Zellweger está feliz

En el cine abundan los actores que se pasan de la raya con el asunto de las metamorfosis. Antes de convertirse en murciélago, cuando le dio por emular a una anchoa, Christian Bale llegó a tal punto de desnutrición que la aseguradora de El maquinista amenazó con retirarse del proyecto. Bale comía únicamente una lata de atún diaria y, cuando su encodrino se distraía, le daba la mitad al gato. En el otro extremo de la báscula, Robert De Niro se puso hecho un colchón para el tramo final de Toro salvaje, donde tuvo que engrosar casi treinta kilos para incorporar a Jake LaMotta fuera del cuadrilátero, en aquellos años en que al púgil le dio por dedicarse a dar risa en lugar de a dar hostias.
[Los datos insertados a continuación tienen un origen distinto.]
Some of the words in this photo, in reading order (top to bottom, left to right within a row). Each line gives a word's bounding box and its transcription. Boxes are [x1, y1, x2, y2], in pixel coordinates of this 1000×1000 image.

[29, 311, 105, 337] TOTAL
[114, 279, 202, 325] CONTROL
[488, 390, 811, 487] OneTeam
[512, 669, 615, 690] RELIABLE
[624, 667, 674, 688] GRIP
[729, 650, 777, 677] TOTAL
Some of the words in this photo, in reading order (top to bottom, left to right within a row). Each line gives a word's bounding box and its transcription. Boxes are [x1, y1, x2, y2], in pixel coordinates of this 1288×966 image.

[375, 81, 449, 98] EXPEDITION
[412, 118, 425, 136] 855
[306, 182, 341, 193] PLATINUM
LaMotta siempre había tenido problemas con el peso, pero De Niro ya llegó directamente a pelearse con la ley de la gravedad y al final tuvieron que disuadirle para que no hiciera a la vez de LaMotta, su hermano, su mujer y el resto del elenco. Aun así, más tremendas incluso son las transformaciones de Vincent D’Onofrio, un actor que se pesa en ascensor y que en cuestión de kilos lo mismo le da ser Orson Welles que el Recluta Patoso.

A Renée Zellweger tampoco le ha importado mucho meterse en camisa de once varas, como se vio en las diversas entregas de Bridget Jones, pero su despreocupación por su aspecto físico ha llegado a tal punto que el otro día se presentó en una gala con la cara de Antonia San Juan. Ella dice que lo que le ha pasado por encima es la felicidad, algo que, como advierte el refrán, el dinero no lo da aunque sí lo pide. Hemos visto que la felicidad engorda, que la felicidad hincha, que la felicidad rejuvenece, pero no que amase y cueza a una mujer como si fuese una pizza.
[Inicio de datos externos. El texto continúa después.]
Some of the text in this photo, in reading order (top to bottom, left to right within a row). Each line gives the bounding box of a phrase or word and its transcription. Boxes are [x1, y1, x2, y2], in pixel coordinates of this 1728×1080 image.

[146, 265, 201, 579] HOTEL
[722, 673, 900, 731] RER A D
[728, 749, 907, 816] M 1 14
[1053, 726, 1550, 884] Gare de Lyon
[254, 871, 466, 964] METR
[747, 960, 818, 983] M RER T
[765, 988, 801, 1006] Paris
Puede que Zellweger entrara a un quirófano pero salió de una panadería. Durante la cirugía algo salió demasiado bien o demasiado mal; de hecho, no está claro si pretendía cambiarse el rostro o la identidad y lo peor es que a estas alturas ella tampoco lo sabe aún. Mi amigo Javier Gella, que hace unos maravillosos retratos a lápiz, tiene una fabulosa colección de estrellas de cine —Morgan Freeman, Lauren Bacall, Ian McKellen, Clark Gable— y ahora se ha encontrado con que Zellweger puede demandarlo por dibujarla en pretérito perfecto. "El problema es suyo, señora", replica Gella, "que no se parece nada a sí misma".
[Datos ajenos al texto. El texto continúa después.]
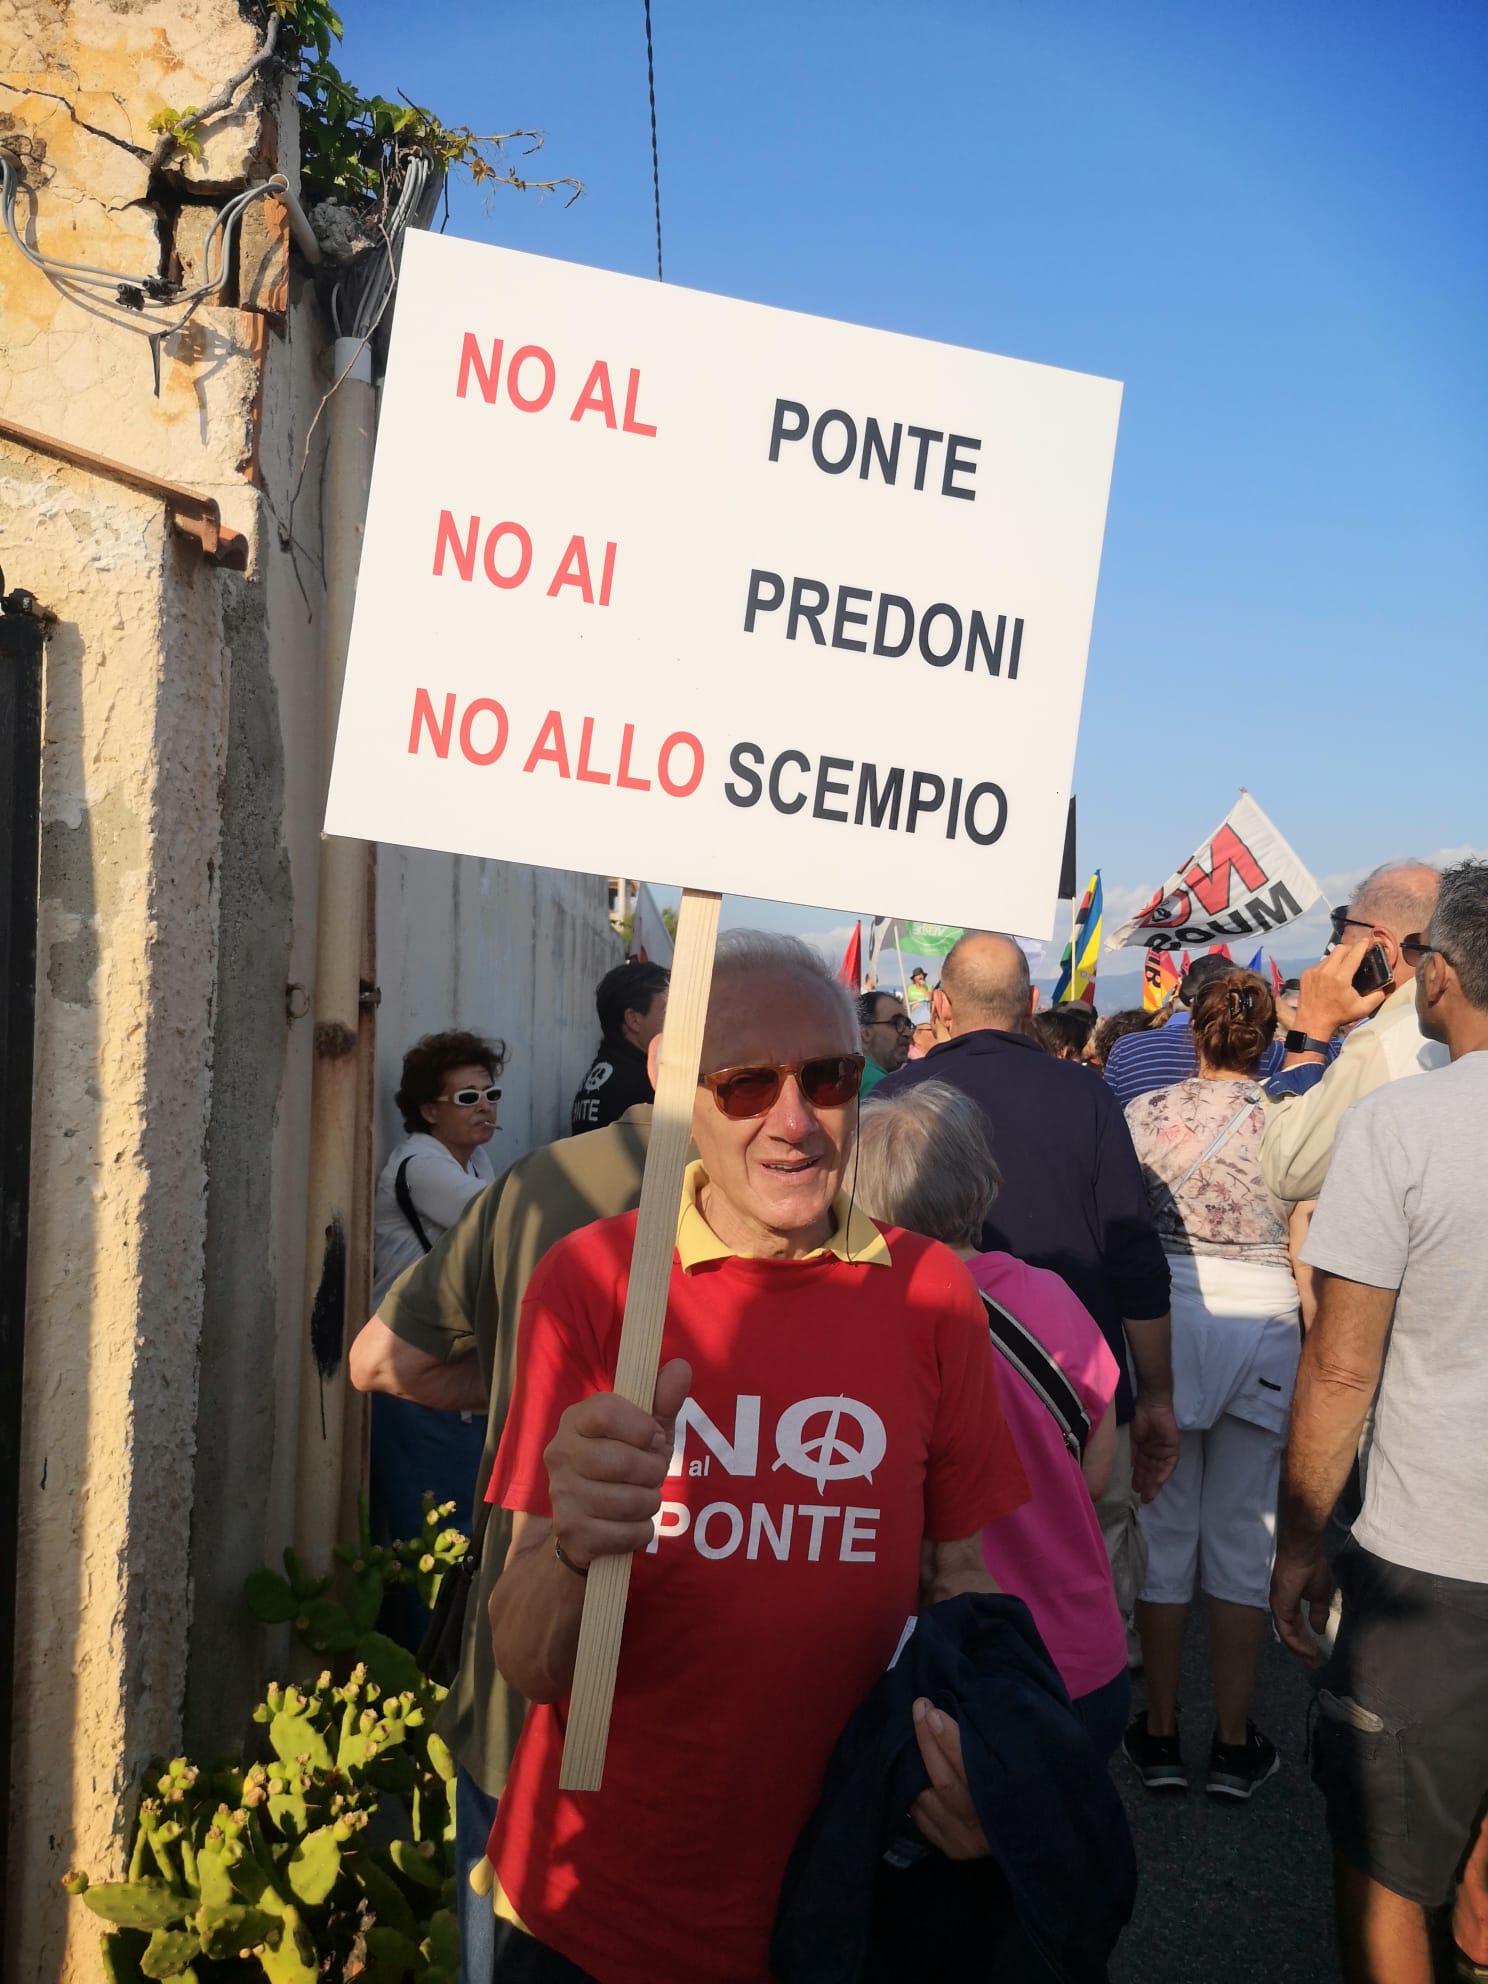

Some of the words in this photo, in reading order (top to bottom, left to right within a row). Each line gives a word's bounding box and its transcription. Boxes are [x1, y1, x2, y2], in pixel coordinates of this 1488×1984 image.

[457, 333, 555, 412] NO
[570, 361, 656, 437] AL
[769, 399, 981, 501] PONTE
[433, 510, 532, 589] NO
[547, 535, 616, 606] AI
[744, 569, 1024, 679] PREDONI
[408, 688, 508, 766] NO
[523, 711, 704, 797] ALLO
[725, 742, 1007, 845] SCEMPIO
[666, 1393, 887, 1496] NO
[688, 1455, 710, 1477] al
[645, 1501, 881, 1562] PONTE
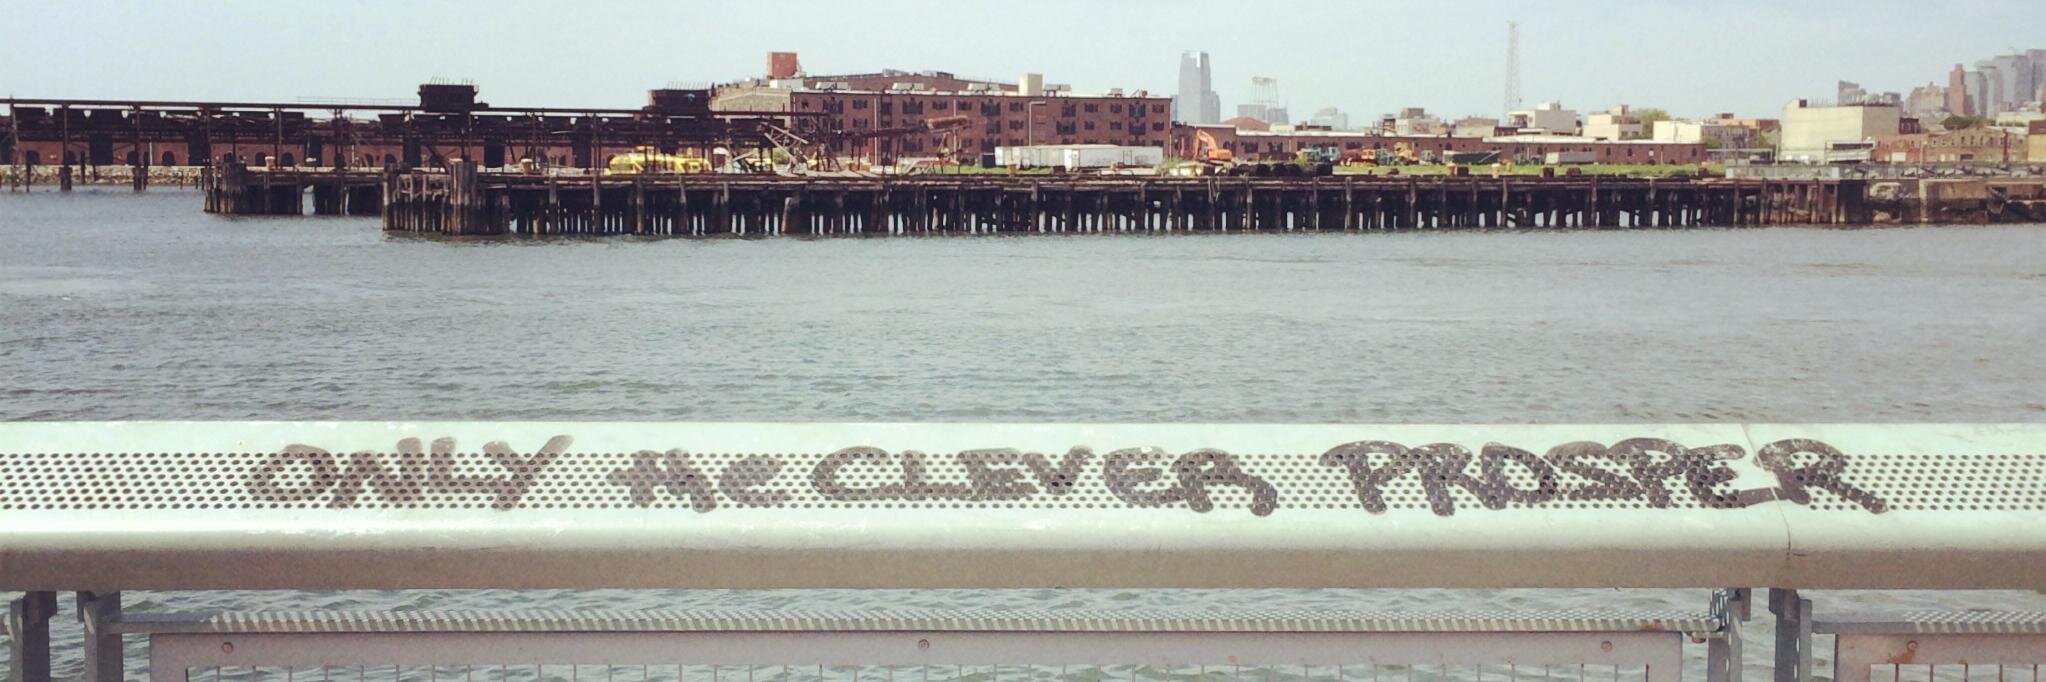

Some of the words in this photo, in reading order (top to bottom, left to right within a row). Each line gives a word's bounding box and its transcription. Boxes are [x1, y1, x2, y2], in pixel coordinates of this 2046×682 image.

[247, 435, 573, 510] ONLY
[811, 445, 1277, 516] CLEVER
[1319, 437, 1888, 516] PROSPER
Si el arte de la actuación consiste, en última instancia, en dimitir de uno mismo y vivir otras vidas, Zellweger parece dispuesta a empezar otra vez su carrera cinematográfica de cero, porque lo único que le han dejado intacto es el apellido. O eso, o la verdadera Zellweger está ahora mismo atada y amordazada en algún camerino mientras esta rubia neumática firma fotos, cobra cheques y posa para los fotógrafos en su nombre. A lo mejor esto no es más que el comienzo de una novedosa campaña publicitaria de una película en la que al final el protagonista será Mickey Rourke. Gracias a esta curiosa mezcla entre el bótox y el horno de leña, Zellweger ha logrado un prodigio de interpretación al batir la marca imposible de Edward Norton en American History X: logró atraer a todos los fotógrafos en la pasarela de la revista Elle sin ser nadie. Nada más que una sueca del montón. Pero también ha hecho realidad aquel piropo impersonal de Groucho Marx: "Todo me recuerda a usted excepto usted".